American patriotic music is a part of the culture and history of the United States since its foundation in the 18th century. It has served to encourage feelings of honor both for the country's forefathers and for national unity. They include hymns, military themes, national songs, and musical numbers from stage and screen, as well as others adapted from many poems. Much of American patriotic music owes its origins to six main wars: the American Revolution, the American Indian Wars, the War of 1812, the Mexican–American War, the American Civil War, and the Spanish–American War. During the period prior to American independence, much of the country's patriotic music was aligned with the political ambitions of the British in the new land. And so, several songs are tied with the country's British origin.

==Colonial Era ==
Written by Founding Father John Dickinson in 1768 to the music of William Boyce's "Heart of Oak", "The Liberty Song" is perhaps the first patriotic song ever written in America. It contains the line "by uniting we stand, by dividing we fall", which was an overture to the feelings of common blood and origin the Americans had while fighting the French and Indian War, and also the first recorded use of the sentiment. Additional songs gained prominence in keeping with British and American unity, namely "The British Grenadiers" and "God Save the King". However, with the War of Independence, the tunes of the last two were combined with new lyrics while "Yankee Doodle", long a tune and lyric addressed to the unique American population descended from the British, became widely popular. Political and cultural links between the colony and Great Britain perhaps explains the ongoing popularity of the two former tunes, despite the war for independence. "Hail Columbia" was written for George Washington's inauguration. It served as an unofficial national anthem until 1931. It is still the vice presidential anthem today.

==19th Century==
In 1814, Washington lawyer Francis Scott Key wrote a poem entitled "Defence of Fort McHenry" after witnessing the bombardment of Fort McHenry in the Chesapeake Bay during the War of 1812. Once again, owing to the American origins from British nationals, the lyrics were later set to music common to British and American sailors. But it eventually became world-famous as "The Star-Spangled Banner," and it was designated the United States' official national anthem in 1931.
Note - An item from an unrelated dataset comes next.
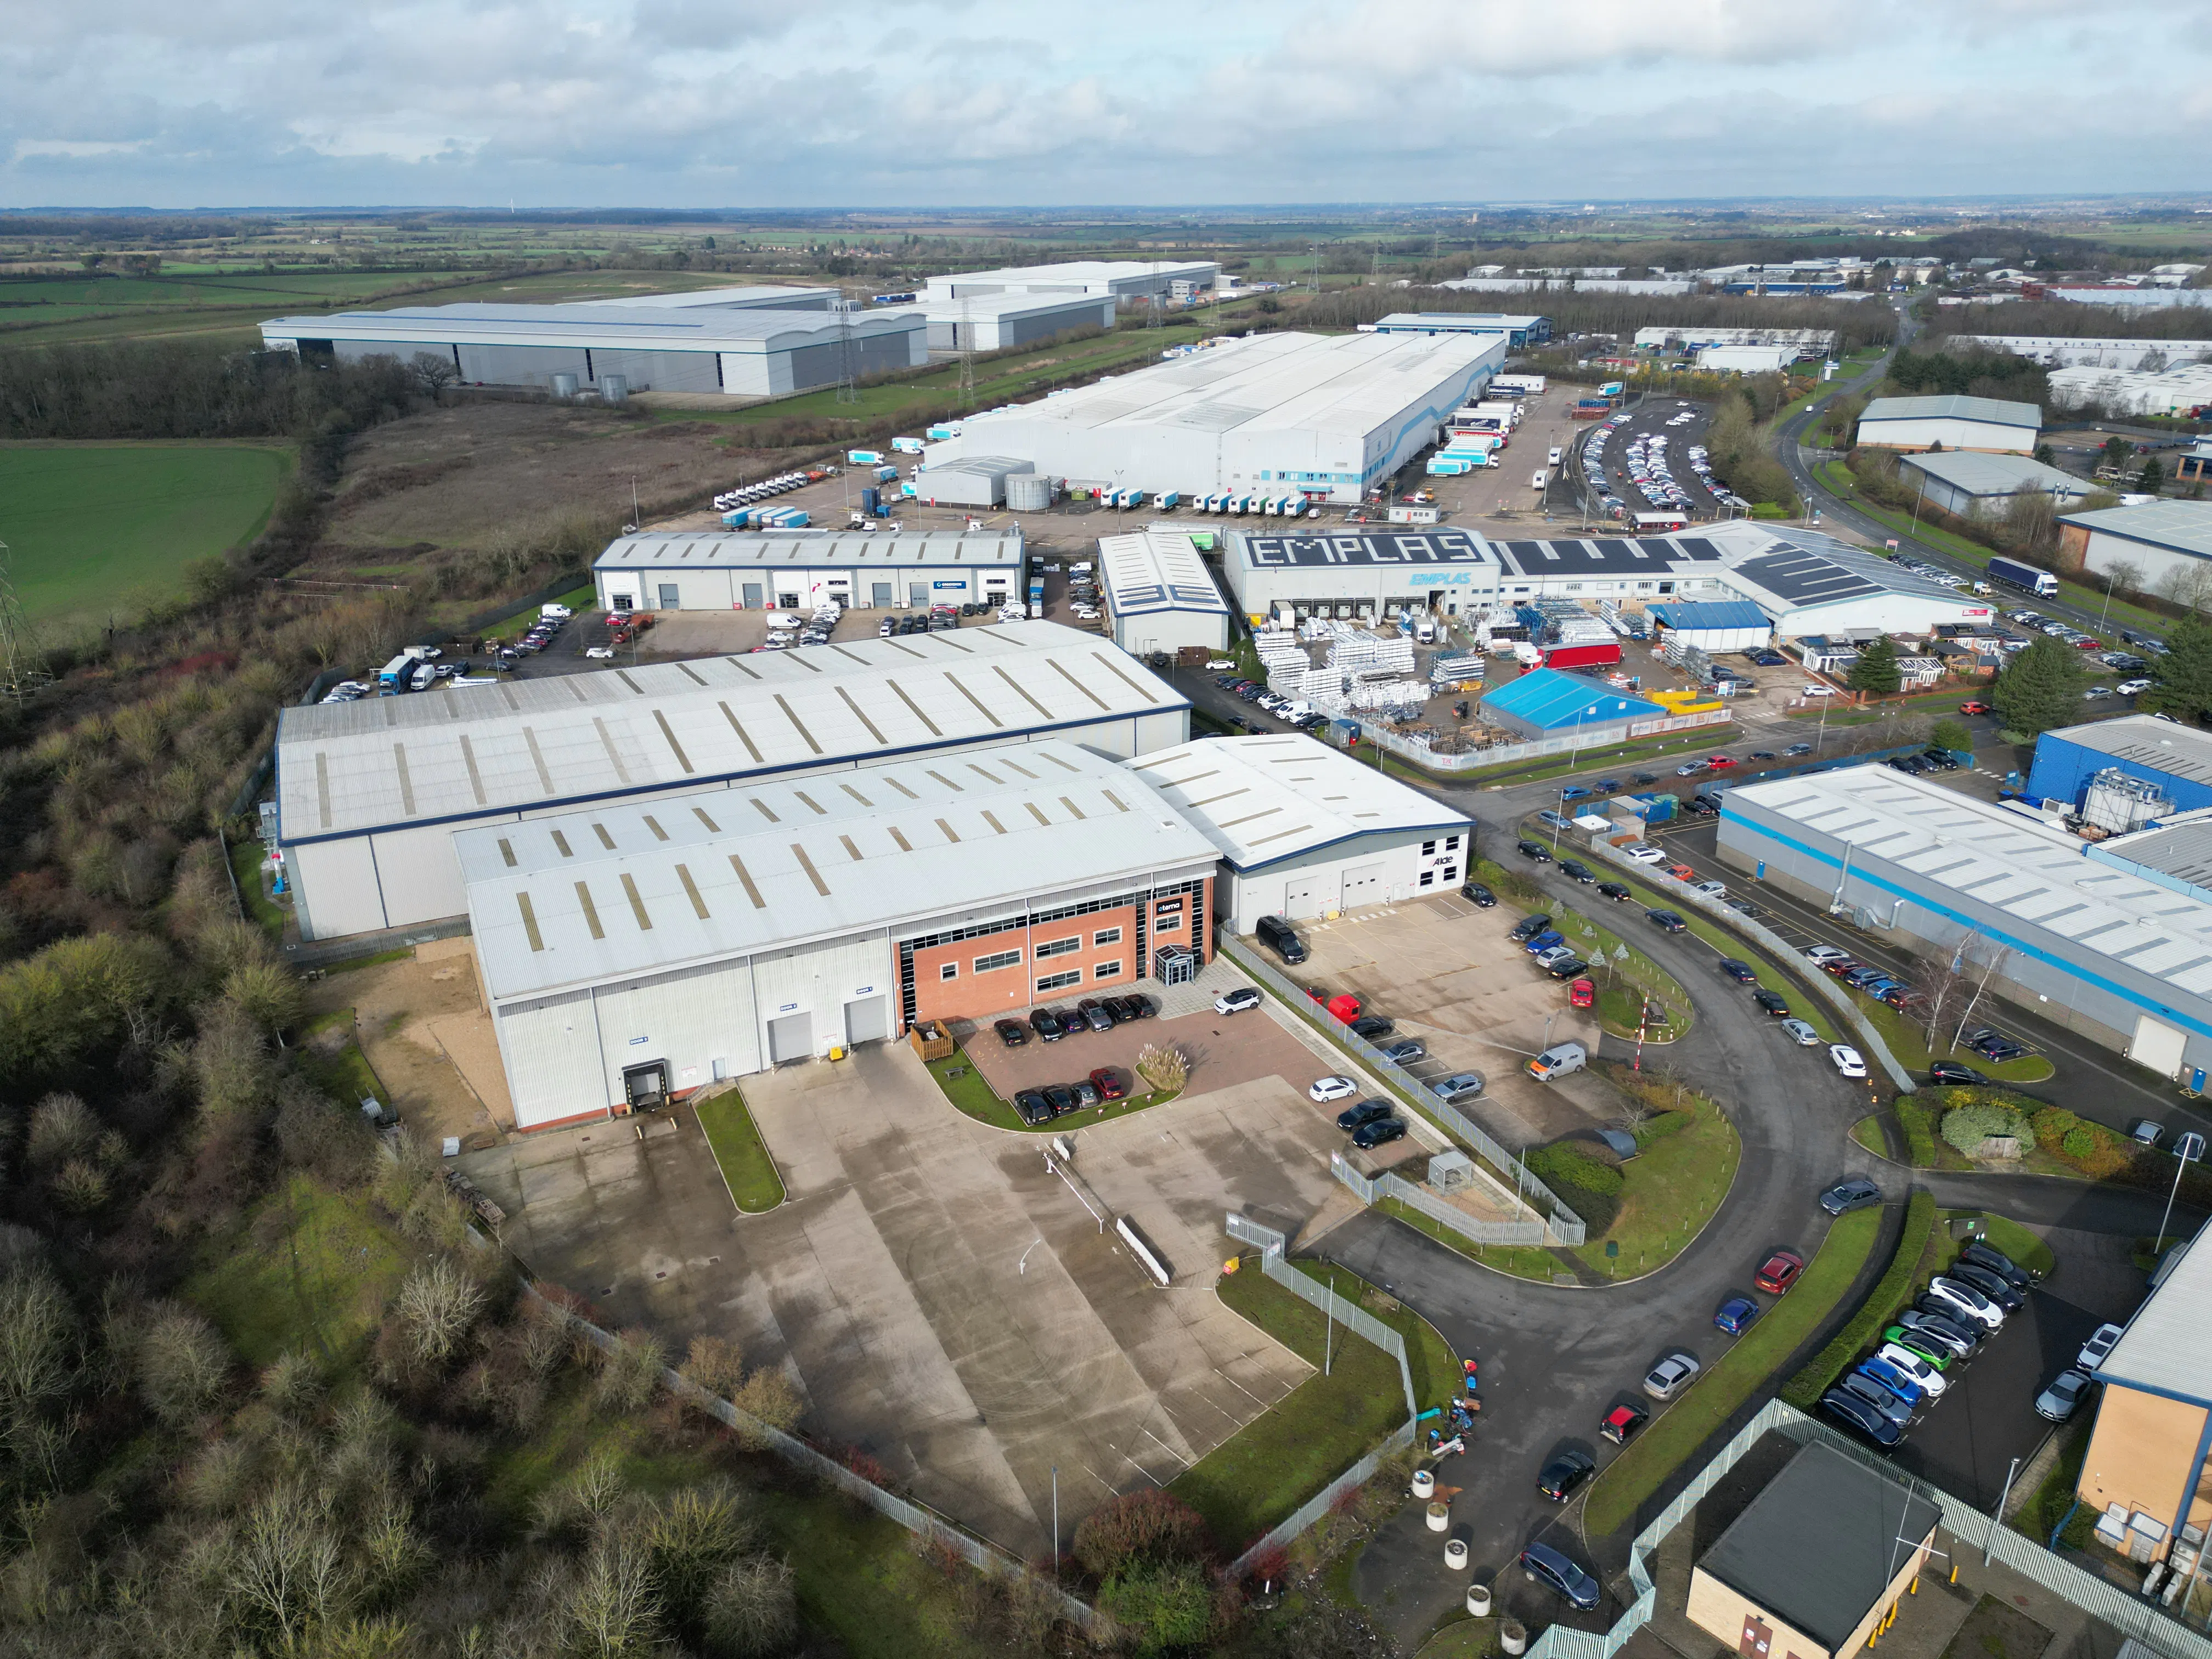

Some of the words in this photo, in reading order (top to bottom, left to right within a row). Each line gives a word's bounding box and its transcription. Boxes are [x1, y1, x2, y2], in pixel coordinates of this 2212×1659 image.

After centuries of struggling and fighting with hostile Native Americans, as well as diseases and forces of nature, many American residents had breached the Appalachian mountain chain, and then pushed into the wide open areas of the Far West. Thus, such songs as "My Country, 'Tis of Thee," composed in 1831, have as themes natural wonder combined with freedom and liberty. Others, such as "America the Beautiful," express appreciation for the natural beauty of the United States and the hope for a better nation, wrote one hymn editor. However, in contrast to "My Country, 'Tis of Thee" and "The Star-Spangled Banner", "America the Beautiful" does not have the triumphalism found in many patriotic American songs. It was originally a poem composed by Katharine Lee Bates after she had experienced the view from Pikes Peak of fertile ground as far as the eye could see. It was sung to a variety of tunes until the present one, written as a hymn tune in 1882 by Samuel Ward, became associated with it.

In 1843, when "Columbia, the Gem of the Ocean" was first written, it was the most popular during the Civil War. It mostly praises the Army and Navy in a rousing manner. It was later commonly used in many animated cartoons. In the 21st Century, the melody is occasionally used, and the lyrics rarely.

During the events leading up to the American Civil War, both the North and the South generated a number of songs to stir up patriotic sentiments, such as "Battle Hymn of the Republic" and "Dixie". However, after the Civil War, the sentiments of most patriotic songs were geared to rebuilding and consolidating the United States. During the Spanish–American War in 1898, many songwriters continued to write patriotic tunes that honored America's soldiers and rallied citizens in support of the war. Such songs as "Brave Dewey and His Men" and "The Charge of the Roosevelt Riders" lauded Commodore George Dewey and Theodore Roosevelt. Around this time, John Philip Sousa began composing many of his most famous patriotic marches, including "The Stars and Stripes Forever" and "The Washington Post March." Such songs as "The Black KPs", likely labelled racist and offensive by modern listeners, were intended to rally the public behind the war effort.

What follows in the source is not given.